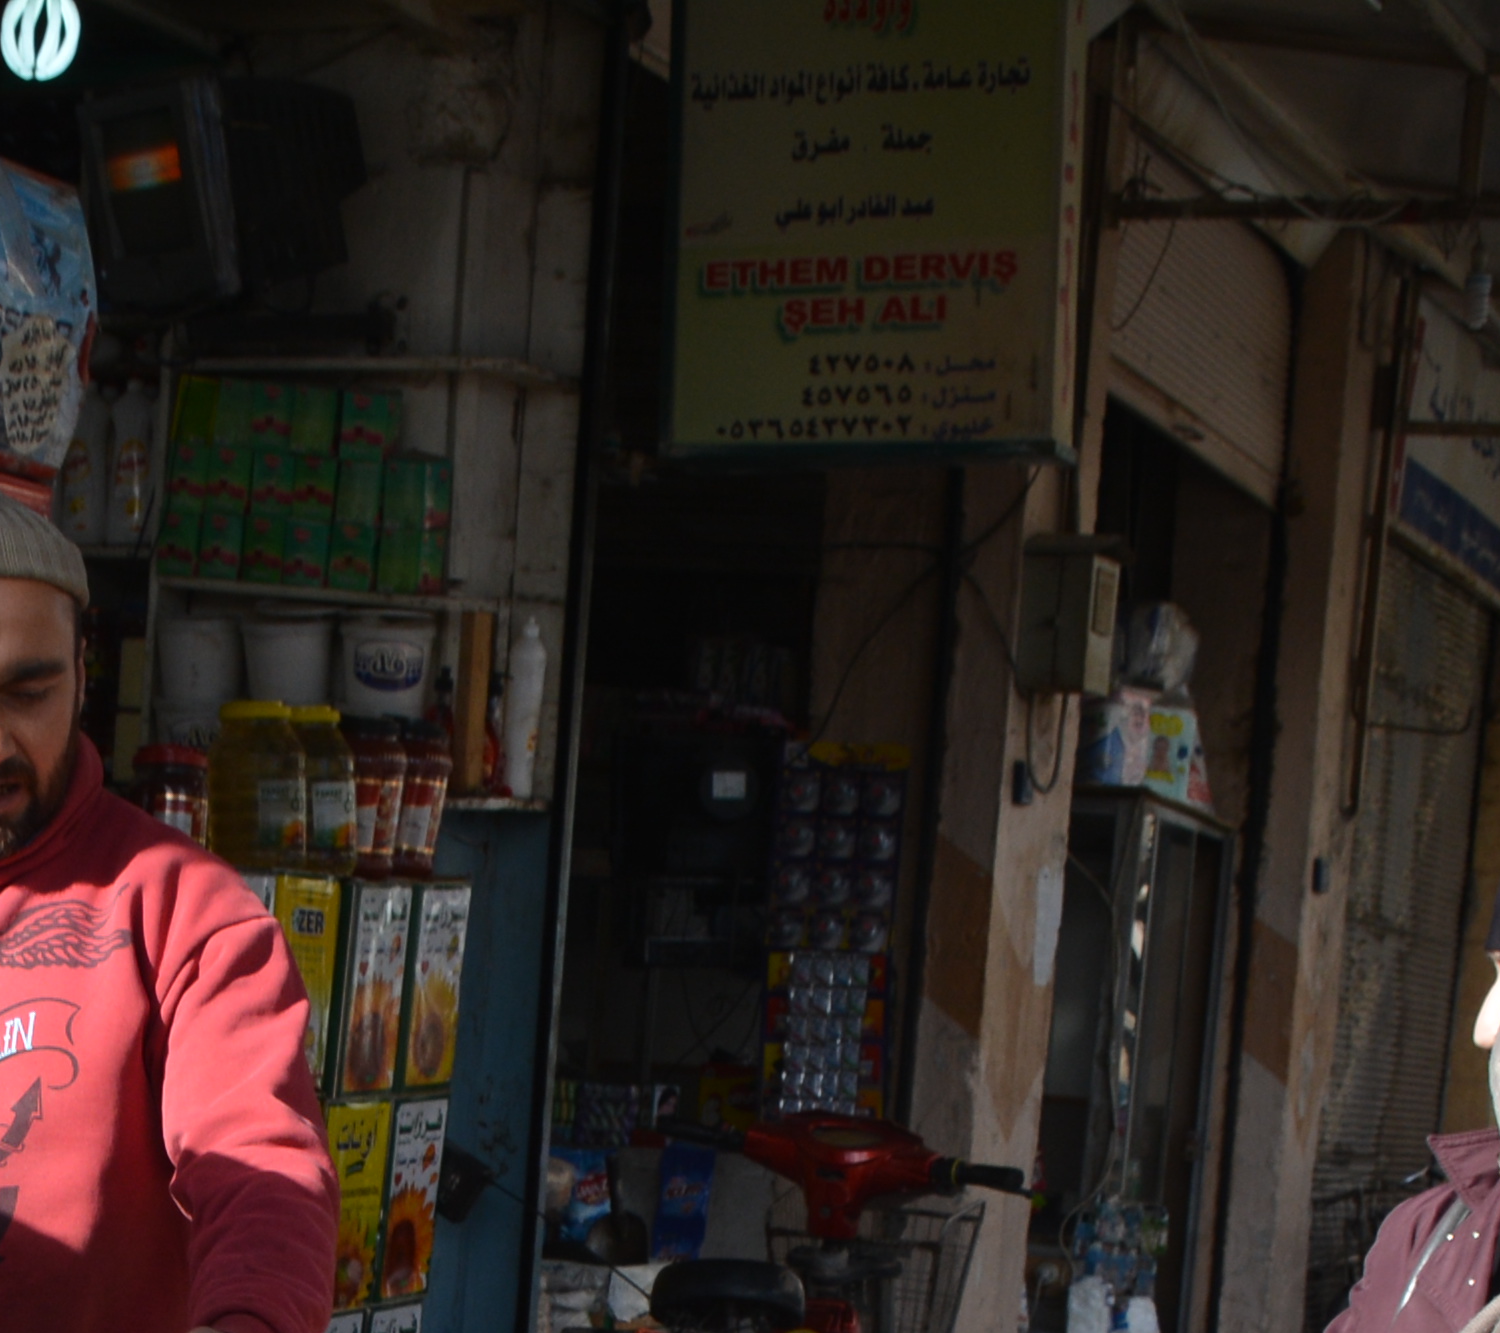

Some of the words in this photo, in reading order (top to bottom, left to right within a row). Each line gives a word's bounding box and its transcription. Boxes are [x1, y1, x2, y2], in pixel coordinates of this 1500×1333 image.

[880, 123, 933, 155] جملة
[704, 256, 848, 289] ETHEM
[862, 250, 1018, 284] DERVIŞ
[782, 297, 866, 332] ŞEH
[878, 293, 949, 324] ALI
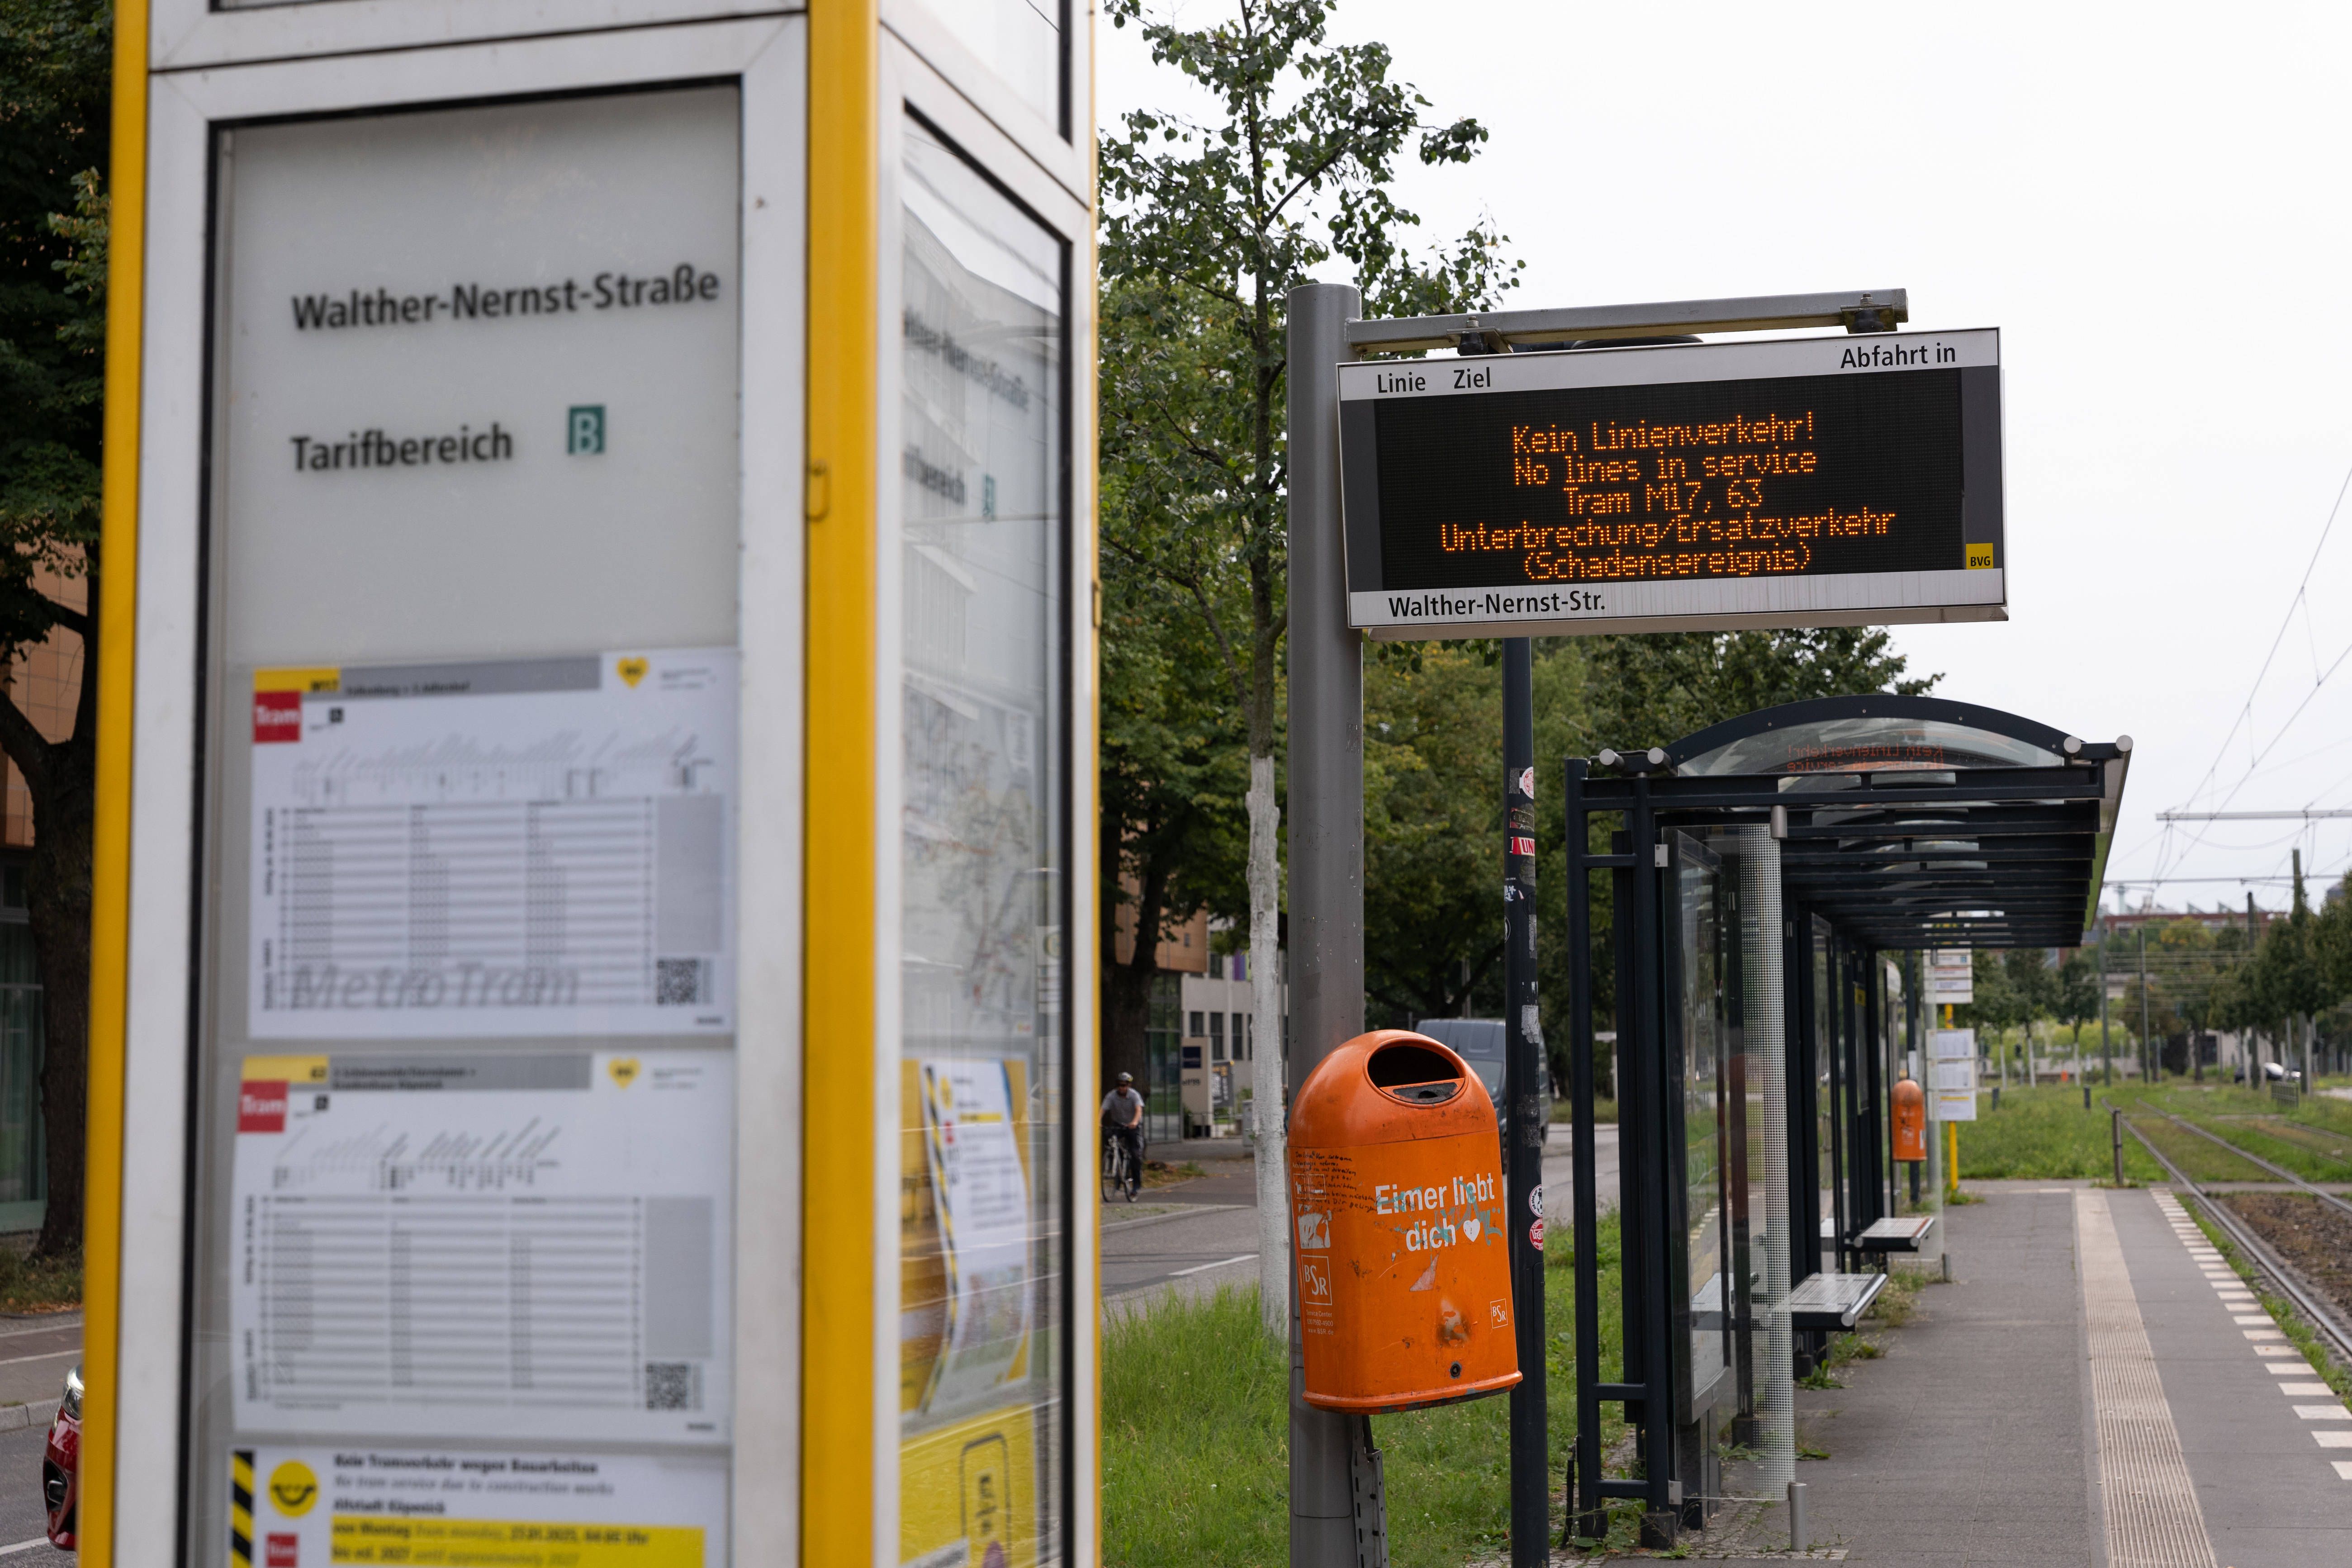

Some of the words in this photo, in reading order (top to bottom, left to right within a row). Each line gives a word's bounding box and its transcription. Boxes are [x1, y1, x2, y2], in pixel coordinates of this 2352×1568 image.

[292, 263, 720, 330] Walther-Nernst-Straße
[1840, 344, 1928, 369] Abfahrt
[1936, 342, 1955, 363] in
[1378, 372, 1426, 393] Linie
[1454, 366, 1491, 389] Ziel
[289, 422, 512, 471] Tarifbereich
[574, 412, 600, 453] B
[1513, 423, 1577, 453] Kein
[1593, 411, 1811, 450] Linienverkehr!
[1514, 457, 1549, 485] No
[1564, 454, 1641, 483] lines
[1657, 451, 1686, 479] in
[1703, 445, 1816, 477] service
[1563, 487, 1630, 514] Tram
[1646, 481, 1711, 512] M17,
[1728, 478, 1762, 508] 63
[1442, 507, 1896, 551] Unterbrechung/Ersatzverkehr
[1525, 542, 1810, 579] (Schadensereignis)
[1971, 556, 1990, 566] BVG
[1389, 590, 1605, 617] Walther-Nernst-Str.
[256, 706, 300, 724] Tram
[292, 962, 578, 1009] MetroTram
[242, 1094, 286, 1114] Tram
[1375, 1184, 1447, 1215] Eimer
[1453, 1173, 1494, 1205] liebt
[1406, 1218, 1456, 1251] dich
[1304, 1265, 1328, 1295] BSR
[1493, 1305, 1506, 1322] BSR

EXERCISE =
Print the listing exactly, minus any pictures.

RESULT =
Some of the words in this photo, in reading order (top to bottom, left to right within a row). Each line gives a word's bounding box and its transcription. Boxes are [x1, y1, x2, y2], in pixel coordinates of this 1500×1333 image.

[880, 123, 933, 155] جملة
[704, 256, 848, 289] ETHEM
[862, 250, 1018, 284] DERVIŞ
[782, 297, 866, 332] ŞEH
[878, 293, 949, 324] ALI

Some of the words in this photo, in reading order (top to bottom, left to right within a row). Each line gives a word's bounding box and its transcription. Boxes are [x1, y1, x2, y2], in pixel coordinates of this 2352×1568 image.

[292, 263, 720, 330] Walther-Nernst-Straße
[1840, 344, 1928, 369] Abfahrt
[1936, 342, 1955, 363] in
[1378, 372, 1426, 393] Linie
[1454, 366, 1491, 389] Ziel
[289, 422, 512, 471] Tarifbereich
[574, 412, 600, 453] B
[1513, 423, 1577, 453] Kein
[1593, 411, 1811, 450] Linienverkehr!
[1514, 457, 1549, 485] No
[1564, 454, 1641, 483] lines
[1657, 451, 1686, 479] in
[1703, 445, 1816, 477] service
[1563, 487, 1630, 514] Tram
[1646, 481, 1711, 512] M17,
[1728, 478, 1762, 508] 63
[1442, 507, 1896, 551] Unterbrechung/Ersatzverkehr
[1525, 542, 1810, 579] (Schadensereignis)
[1971, 556, 1990, 566] BVG
[1389, 590, 1605, 617] Walther-Nernst-Str.
[256, 706, 300, 724] Tram
[292, 962, 578, 1009] MetroTram
[242, 1094, 286, 1114] Tram
[1375, 1184, 1447, 1215] Eimer
[1453, 1173, 1494, 1205] liebt
[1406, 1218, 1456, 1251] dich
[1304, 1265, 1328, 1295] BSR
[1493, 1305, 1506, 1322] BSR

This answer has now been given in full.